*AIM OF THE EXERCISE*
What is needed is every line, exactly as given, from the line containing "this 1772×1181 image." through the end of the data below.

(Saved entries)
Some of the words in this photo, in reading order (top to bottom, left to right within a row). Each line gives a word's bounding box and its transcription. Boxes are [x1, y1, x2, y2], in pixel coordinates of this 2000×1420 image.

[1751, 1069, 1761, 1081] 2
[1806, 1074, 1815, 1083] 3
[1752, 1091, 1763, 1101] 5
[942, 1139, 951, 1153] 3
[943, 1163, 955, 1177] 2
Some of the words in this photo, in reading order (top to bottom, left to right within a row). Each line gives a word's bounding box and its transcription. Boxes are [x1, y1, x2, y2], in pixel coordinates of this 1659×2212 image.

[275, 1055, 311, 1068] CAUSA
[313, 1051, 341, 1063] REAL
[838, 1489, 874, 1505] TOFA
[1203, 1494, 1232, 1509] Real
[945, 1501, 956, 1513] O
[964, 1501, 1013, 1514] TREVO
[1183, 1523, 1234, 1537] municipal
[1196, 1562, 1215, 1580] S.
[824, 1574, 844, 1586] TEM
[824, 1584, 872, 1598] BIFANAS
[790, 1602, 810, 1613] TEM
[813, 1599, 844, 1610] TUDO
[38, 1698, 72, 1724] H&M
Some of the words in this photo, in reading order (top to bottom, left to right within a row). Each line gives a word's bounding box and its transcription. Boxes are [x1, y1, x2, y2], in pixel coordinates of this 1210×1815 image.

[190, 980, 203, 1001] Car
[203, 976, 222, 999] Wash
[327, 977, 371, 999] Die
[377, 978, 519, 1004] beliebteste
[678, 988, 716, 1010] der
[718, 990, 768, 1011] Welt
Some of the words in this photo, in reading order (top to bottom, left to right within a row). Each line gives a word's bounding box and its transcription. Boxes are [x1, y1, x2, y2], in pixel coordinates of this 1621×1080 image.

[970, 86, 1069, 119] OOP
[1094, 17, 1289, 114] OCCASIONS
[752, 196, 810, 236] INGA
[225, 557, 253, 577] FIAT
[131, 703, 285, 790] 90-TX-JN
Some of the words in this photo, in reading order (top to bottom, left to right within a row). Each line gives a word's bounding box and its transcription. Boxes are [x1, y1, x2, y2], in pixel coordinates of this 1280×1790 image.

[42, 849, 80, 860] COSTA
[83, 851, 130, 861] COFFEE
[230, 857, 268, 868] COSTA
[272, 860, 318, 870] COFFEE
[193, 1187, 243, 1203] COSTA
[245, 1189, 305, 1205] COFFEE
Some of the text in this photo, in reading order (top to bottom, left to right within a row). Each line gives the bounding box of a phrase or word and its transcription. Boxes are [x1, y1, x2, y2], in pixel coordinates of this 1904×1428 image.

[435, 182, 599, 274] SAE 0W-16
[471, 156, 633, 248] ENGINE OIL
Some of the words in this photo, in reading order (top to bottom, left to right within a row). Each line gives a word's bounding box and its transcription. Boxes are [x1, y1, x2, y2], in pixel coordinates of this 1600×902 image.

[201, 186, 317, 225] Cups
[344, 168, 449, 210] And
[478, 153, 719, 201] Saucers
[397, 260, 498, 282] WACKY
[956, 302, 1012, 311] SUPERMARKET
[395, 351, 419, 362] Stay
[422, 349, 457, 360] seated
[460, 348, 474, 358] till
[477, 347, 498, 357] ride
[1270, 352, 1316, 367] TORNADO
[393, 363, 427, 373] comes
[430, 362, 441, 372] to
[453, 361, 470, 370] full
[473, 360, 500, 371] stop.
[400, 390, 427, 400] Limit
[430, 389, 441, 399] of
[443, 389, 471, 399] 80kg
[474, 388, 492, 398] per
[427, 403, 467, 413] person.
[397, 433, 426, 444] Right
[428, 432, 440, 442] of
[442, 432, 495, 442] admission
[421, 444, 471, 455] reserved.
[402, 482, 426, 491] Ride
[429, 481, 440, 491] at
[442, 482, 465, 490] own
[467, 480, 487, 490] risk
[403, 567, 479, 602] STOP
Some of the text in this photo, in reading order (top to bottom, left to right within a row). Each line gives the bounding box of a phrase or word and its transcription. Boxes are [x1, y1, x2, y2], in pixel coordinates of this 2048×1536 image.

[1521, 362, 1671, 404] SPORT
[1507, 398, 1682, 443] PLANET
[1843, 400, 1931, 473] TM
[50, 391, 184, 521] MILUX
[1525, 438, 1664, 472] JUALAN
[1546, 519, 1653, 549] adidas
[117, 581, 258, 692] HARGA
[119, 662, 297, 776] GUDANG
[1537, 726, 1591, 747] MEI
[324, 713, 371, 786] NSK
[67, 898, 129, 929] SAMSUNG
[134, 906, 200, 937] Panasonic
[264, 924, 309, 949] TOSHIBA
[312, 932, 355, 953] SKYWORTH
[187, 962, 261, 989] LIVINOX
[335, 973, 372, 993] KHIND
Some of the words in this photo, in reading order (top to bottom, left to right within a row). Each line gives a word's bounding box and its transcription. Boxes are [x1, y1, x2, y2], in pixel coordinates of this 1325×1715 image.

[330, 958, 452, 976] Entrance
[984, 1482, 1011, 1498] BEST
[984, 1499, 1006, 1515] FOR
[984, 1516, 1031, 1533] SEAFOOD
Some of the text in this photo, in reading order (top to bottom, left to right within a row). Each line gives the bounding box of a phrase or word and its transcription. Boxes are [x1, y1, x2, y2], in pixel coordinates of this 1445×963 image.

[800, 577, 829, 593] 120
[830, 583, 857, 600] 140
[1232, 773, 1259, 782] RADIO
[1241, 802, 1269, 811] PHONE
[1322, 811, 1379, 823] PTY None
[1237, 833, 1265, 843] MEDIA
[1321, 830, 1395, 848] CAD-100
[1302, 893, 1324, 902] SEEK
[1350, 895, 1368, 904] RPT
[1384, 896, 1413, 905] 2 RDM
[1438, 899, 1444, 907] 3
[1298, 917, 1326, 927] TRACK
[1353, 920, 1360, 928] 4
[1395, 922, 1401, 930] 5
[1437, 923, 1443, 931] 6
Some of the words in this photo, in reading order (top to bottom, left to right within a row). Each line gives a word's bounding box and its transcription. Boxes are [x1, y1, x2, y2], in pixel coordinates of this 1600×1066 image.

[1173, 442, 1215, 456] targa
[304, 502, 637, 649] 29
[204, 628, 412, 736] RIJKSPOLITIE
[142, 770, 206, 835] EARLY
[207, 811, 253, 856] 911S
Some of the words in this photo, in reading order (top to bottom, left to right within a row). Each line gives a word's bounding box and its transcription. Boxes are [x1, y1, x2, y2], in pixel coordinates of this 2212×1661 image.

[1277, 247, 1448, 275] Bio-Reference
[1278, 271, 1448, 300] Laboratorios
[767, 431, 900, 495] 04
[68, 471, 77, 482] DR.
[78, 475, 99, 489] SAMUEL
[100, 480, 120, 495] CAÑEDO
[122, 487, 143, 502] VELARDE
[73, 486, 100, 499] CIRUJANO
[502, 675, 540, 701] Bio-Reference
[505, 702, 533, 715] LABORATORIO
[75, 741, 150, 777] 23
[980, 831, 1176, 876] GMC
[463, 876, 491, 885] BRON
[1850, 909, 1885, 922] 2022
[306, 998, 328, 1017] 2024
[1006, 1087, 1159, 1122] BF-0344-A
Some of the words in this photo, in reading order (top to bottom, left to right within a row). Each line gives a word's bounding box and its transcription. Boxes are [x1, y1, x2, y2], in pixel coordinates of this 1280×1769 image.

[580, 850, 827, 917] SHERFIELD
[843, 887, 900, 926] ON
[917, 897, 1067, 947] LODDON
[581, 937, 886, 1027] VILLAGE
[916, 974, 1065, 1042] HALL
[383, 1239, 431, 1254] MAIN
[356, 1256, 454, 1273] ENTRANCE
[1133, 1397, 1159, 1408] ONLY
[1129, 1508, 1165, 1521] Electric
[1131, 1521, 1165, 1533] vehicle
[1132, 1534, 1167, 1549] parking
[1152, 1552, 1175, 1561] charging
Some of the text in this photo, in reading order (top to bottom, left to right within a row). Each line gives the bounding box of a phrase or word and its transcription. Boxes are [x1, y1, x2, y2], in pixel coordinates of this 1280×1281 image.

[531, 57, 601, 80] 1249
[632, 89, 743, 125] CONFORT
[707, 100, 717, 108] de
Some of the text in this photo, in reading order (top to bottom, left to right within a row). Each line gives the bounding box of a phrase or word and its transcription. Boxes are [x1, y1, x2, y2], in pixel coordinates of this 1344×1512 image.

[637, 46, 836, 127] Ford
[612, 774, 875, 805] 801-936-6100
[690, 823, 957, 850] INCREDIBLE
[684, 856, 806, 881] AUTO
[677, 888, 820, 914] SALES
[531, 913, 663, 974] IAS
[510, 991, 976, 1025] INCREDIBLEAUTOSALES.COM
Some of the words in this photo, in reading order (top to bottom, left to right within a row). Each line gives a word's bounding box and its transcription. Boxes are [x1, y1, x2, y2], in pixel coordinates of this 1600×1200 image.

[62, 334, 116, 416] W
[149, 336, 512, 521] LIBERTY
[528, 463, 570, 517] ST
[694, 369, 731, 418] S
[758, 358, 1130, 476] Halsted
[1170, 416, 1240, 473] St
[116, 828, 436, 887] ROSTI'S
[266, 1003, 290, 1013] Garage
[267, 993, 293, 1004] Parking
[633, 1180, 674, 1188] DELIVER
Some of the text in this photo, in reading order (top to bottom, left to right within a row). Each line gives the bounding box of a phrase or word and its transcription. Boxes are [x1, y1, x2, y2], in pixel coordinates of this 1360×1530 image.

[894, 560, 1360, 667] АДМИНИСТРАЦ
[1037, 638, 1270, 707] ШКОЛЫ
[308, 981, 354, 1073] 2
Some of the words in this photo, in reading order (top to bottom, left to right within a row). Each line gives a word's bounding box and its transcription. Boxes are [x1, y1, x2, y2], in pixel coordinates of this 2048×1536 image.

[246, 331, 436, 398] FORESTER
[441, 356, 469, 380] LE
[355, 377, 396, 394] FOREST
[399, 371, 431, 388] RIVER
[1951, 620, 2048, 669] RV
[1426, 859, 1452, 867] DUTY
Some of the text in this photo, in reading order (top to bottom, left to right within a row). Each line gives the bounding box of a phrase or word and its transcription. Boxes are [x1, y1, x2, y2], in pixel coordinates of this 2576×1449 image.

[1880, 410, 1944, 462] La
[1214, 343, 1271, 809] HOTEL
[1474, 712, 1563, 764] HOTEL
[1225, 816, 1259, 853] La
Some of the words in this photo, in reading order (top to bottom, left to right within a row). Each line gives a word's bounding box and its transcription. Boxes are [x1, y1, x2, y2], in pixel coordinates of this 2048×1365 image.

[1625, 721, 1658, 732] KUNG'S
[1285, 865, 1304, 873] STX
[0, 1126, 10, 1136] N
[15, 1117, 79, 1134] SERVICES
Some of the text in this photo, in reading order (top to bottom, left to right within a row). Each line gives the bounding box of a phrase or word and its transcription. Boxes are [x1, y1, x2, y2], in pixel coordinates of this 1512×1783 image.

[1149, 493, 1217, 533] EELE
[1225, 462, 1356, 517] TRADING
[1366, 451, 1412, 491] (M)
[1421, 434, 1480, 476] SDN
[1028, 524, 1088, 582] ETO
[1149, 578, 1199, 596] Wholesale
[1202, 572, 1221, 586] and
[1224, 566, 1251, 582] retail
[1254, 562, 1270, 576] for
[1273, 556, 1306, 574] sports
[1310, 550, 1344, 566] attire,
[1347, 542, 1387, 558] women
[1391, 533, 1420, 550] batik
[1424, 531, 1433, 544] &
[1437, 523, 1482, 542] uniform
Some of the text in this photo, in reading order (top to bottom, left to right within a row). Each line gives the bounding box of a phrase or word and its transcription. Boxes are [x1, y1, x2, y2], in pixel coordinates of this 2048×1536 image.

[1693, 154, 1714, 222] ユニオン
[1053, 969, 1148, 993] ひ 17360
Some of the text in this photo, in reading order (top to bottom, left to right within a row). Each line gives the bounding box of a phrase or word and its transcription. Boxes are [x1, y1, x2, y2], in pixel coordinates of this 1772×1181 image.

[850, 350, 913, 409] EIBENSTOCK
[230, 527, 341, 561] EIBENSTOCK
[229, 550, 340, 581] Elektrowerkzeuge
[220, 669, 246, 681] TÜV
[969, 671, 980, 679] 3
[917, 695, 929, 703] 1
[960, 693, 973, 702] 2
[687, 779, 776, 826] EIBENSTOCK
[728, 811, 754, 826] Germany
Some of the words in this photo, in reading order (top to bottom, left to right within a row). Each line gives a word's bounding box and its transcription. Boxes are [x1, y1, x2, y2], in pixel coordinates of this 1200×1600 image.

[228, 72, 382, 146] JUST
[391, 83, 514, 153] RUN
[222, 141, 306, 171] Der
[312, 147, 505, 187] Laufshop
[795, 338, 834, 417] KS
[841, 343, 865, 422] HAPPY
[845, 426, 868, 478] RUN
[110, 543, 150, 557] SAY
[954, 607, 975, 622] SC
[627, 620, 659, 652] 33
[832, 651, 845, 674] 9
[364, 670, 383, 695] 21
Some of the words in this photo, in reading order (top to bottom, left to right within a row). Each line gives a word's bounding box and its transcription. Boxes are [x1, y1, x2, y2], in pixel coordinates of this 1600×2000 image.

*COMPLETED EXERCISE*
Some of the text in this photo, in reading order (top to bottom, left to right within a row). Each line gives the bounding box of a phrase or word and its transcription. Boxes are [x1, y1, x2, y2], in pixel coordinates of this 1772×1181 image.

[850, 350, 913, 409] EIBENSTOCK
[230, 527, 341, 561] EIBENSTOCK
[229, 550, 340, 581] Elektrowerkzeuge
[220, 669, 246, 681] TÜV
[969, 671, 980, 679] 3
[917, 695, 929, 703] 1
[960, 693, 973, 702] 2
[687, 779, 776, 826] EIBENSTOCK
[728, 811, 754, 826] Germany
Some of the words in this photo, in reading order (top to bottom, left to right within a row). Each line gives a word's bounding box and its transcription. Boxes are [x1, y1, x2, y2], in pixel coordinates of this 1200×1600 image.

[228, 72, 382, 146] JUST
[391, 83, 514, 153] RUN
[222, 141, 306, 171] Der
[312, 147, 505, 187] Laufshop
[795, 338, 834, 417] KS
[841, 343, 865, 422] HAPPY
[845, 426, 868, 478] RUN
[110, 543, 150, 557] SAY
[954, 607, 975, 622] SC
[627, 620, 659, 652] 33
[832, 651, 845, 674] 9
[364, 670, 383, 695] 21
Some of the words in this photo, in reading order (top to bottom, left to right within a row). Each line gives a word's bounding box and its transcription. Boxes are [x1, y1, x2, y2], in pixel coordinates of this 1600×2000 image.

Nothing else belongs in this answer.